Your answer must be an exact copy of the listing that follows, with all pictures omitted.

■ **EXERCISE DATA**:

== Segment start ==

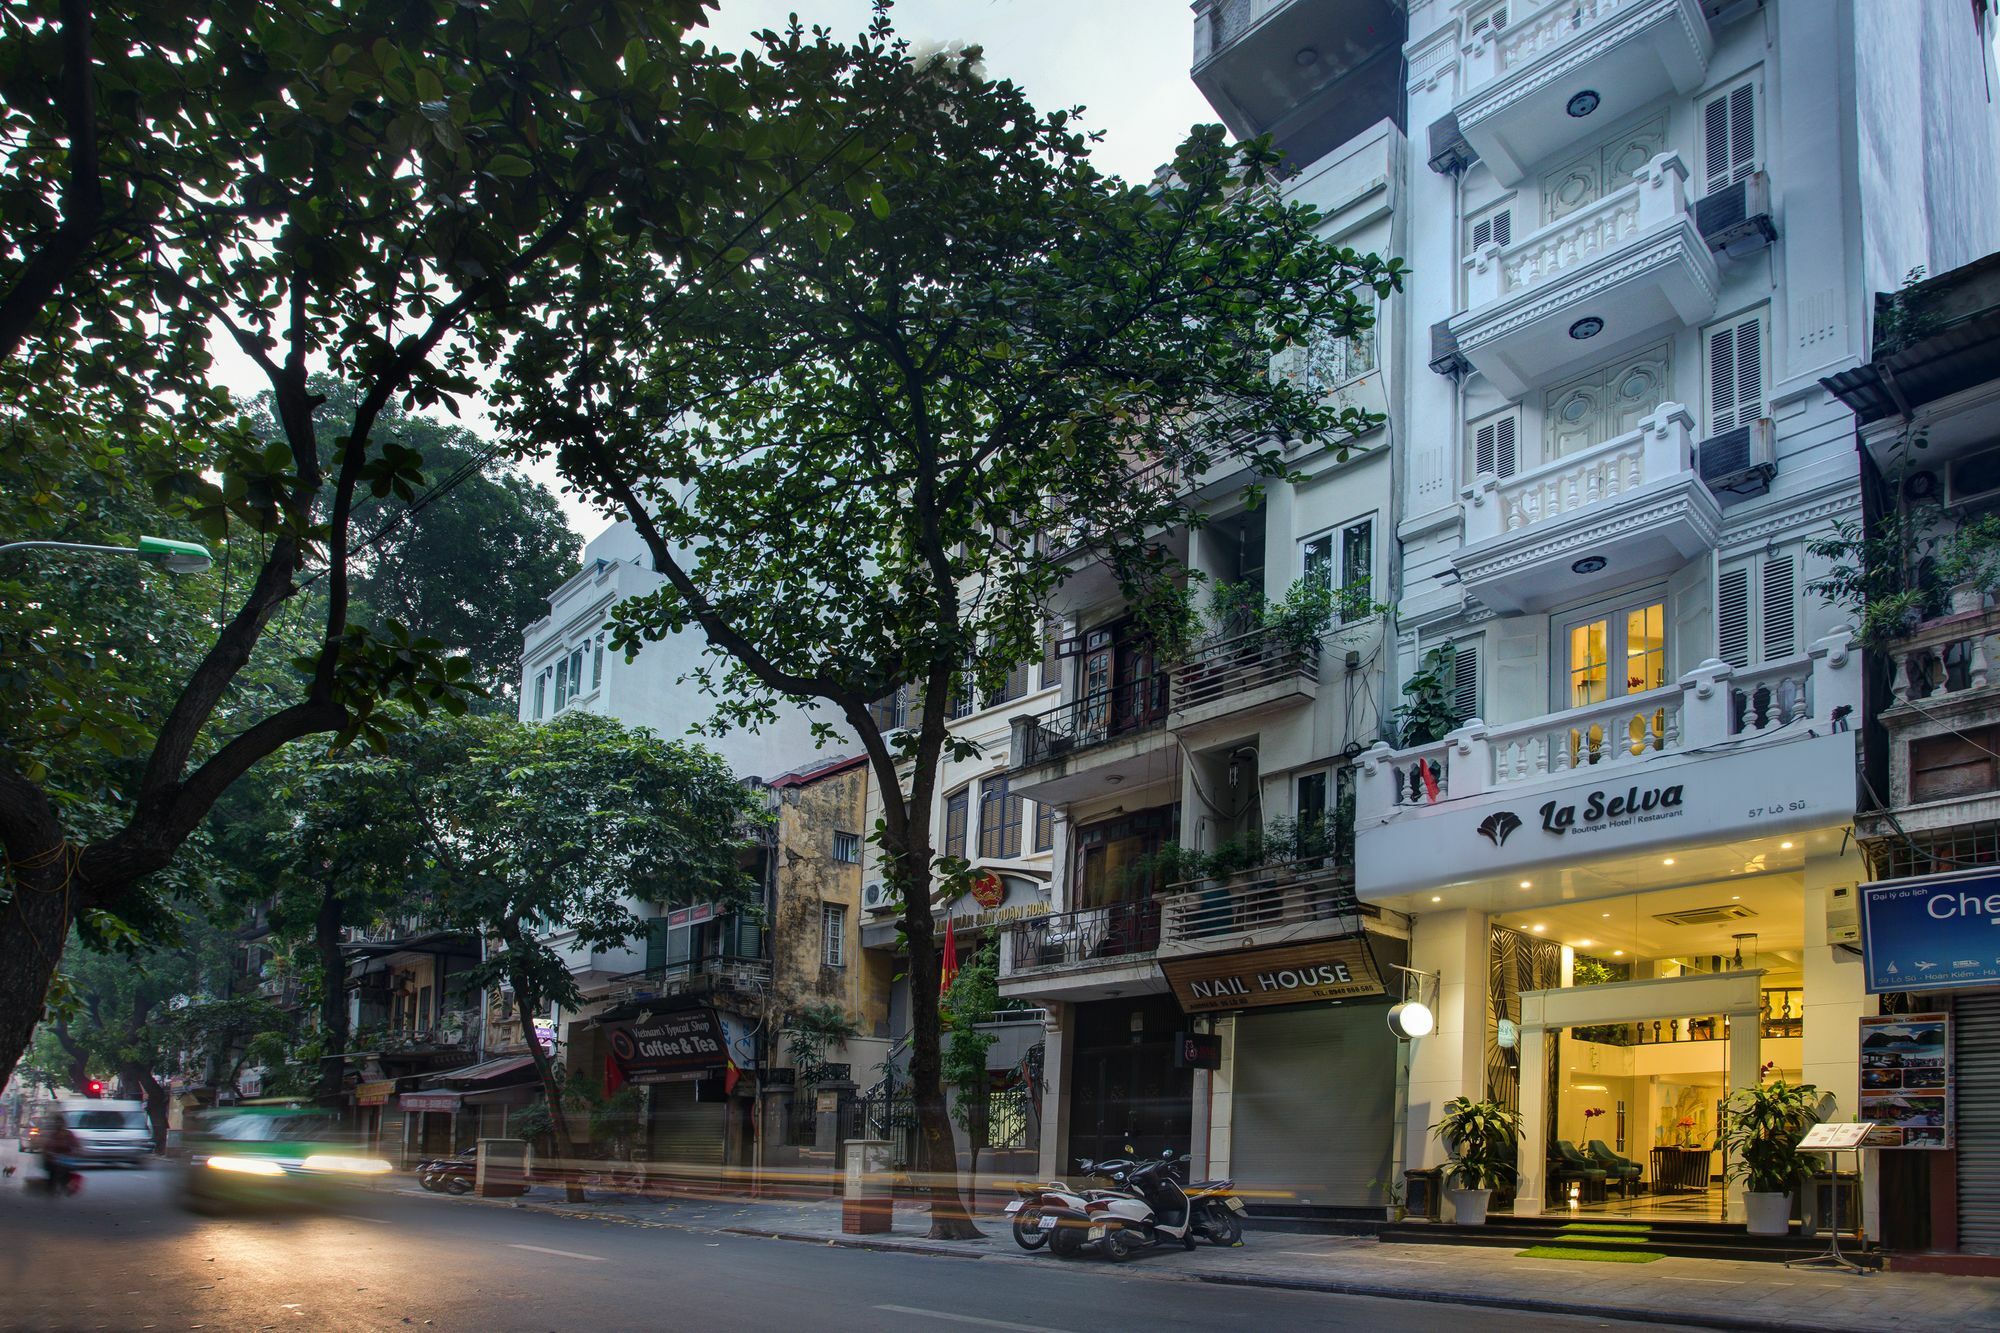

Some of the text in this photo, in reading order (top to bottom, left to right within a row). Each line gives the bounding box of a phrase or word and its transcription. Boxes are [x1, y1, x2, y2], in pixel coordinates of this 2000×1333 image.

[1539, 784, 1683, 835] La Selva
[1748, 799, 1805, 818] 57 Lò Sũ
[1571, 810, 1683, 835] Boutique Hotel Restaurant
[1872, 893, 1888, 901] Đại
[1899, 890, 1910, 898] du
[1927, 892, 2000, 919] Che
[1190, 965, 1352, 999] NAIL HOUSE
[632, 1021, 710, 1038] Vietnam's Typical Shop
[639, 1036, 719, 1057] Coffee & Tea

== Segment end ==

■ **EXERCISE OUTPUT**:
Some of the text in this photo, in reading order (top to bottom, left to right within a row). Each line gives the bounding box of a phrase or word and its transcription. Boxes are [x1, y1, x2, y2], in pixel coordinates of this 2000×1333 image.

[1539, 784, 1683, 835] La Selva
[1748, 799, 1805, 818] 57 Lò Sũ
[1571, 810, 1683, 835] Boutique Hotel Restaurant
[1872, 893, 1888, 901] Đại
[1899, 890, 1910, 898] du
[1927, 892, 2000, 919] Che
[1190, 965, 1352, 999] NAIL HOUSE
[632, 1021, 710, 1038] Vietnam's Typical Shop
[639, 1036, 719, 1057] Coffee & Tea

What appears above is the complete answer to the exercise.